EXERCISE -
A faithful copy of the data is the goal; set it down exactly, without the images.

BEGIN WORKING DATA

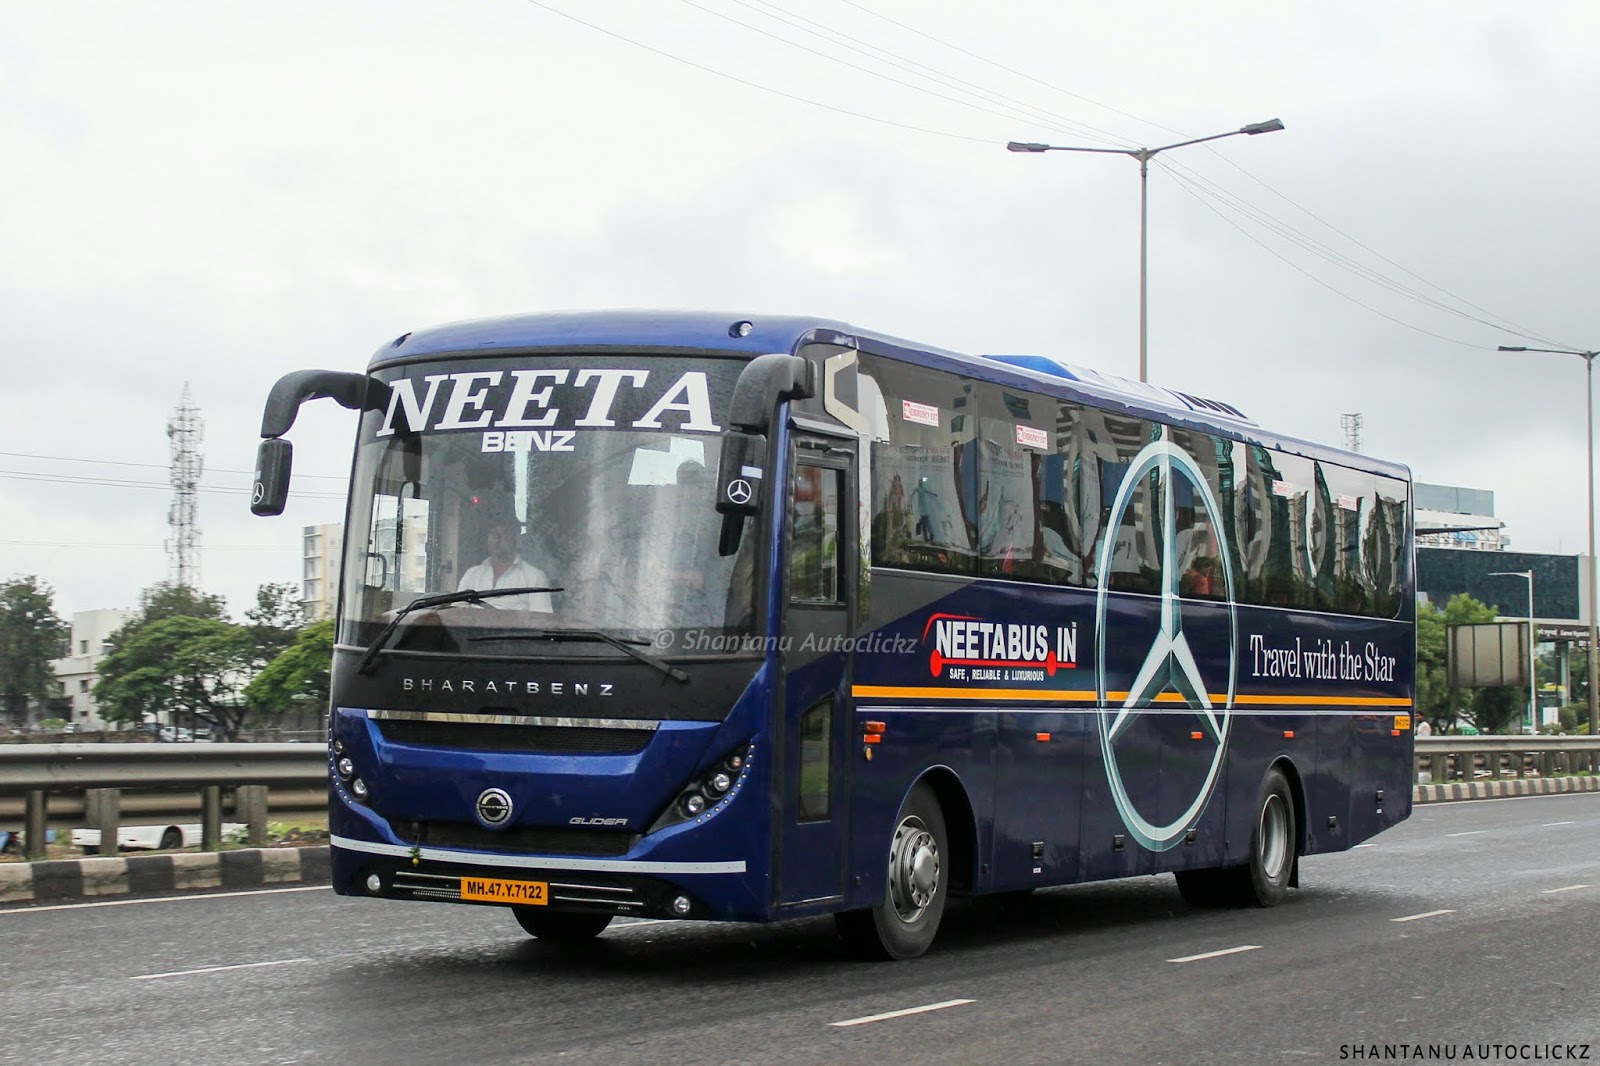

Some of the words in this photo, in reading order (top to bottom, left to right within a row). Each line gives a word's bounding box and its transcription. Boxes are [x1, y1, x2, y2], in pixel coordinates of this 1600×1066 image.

[376, 368, 721, 437] NEETA
[481, 430, 576, 452] BENZ
[1250, 634, 1301, 678] Travel
[1303, 638, 1337, 680] with
[1339, 640, 1362, 680] the
[1365, 641, 1396, 682] Star
[972, 669, 1001, 680] RELIABLE
[1004, 669, 1009, 680] &
[1012, 670, 1044, 682] LUXURIOUS
[403, 678, 613, 696] BHARATBENZ
[569, 817, 628, 826] GLIDER
[467, 881, 542, 899] MH.47.Y.7122

END WORKING DATA

RESPONSE FOR THIS EXERCISE -
Some of the words in this photo, in reading order (top to bottom, left to right within a row). Each line gives a word's bounding box and its transcription. Boxes are [x1, y1, x2, y2], in pixel coordinates of this 1600×1066 image.

[376, 368, 721, 437] NEETA
[481, 430, 576, 452] BENZ
[1250, 634, 1301, 678] Travel
[1303, 638, 1337, 680] with
[1339, 640, 1362, 680] the
[1365, 641, 1396, 682] Star
[972, 669, 1001, 680] RELIABLE
[1004, 669, 1009, 680] &
[1012, 670, 1044, 682] LUXURIOUS
[403, 678, 613, 696] BHARATBENZ
[569, 817, 628, 826] GLIDER
[467, 881, 542, 899] MH.47.Y.7122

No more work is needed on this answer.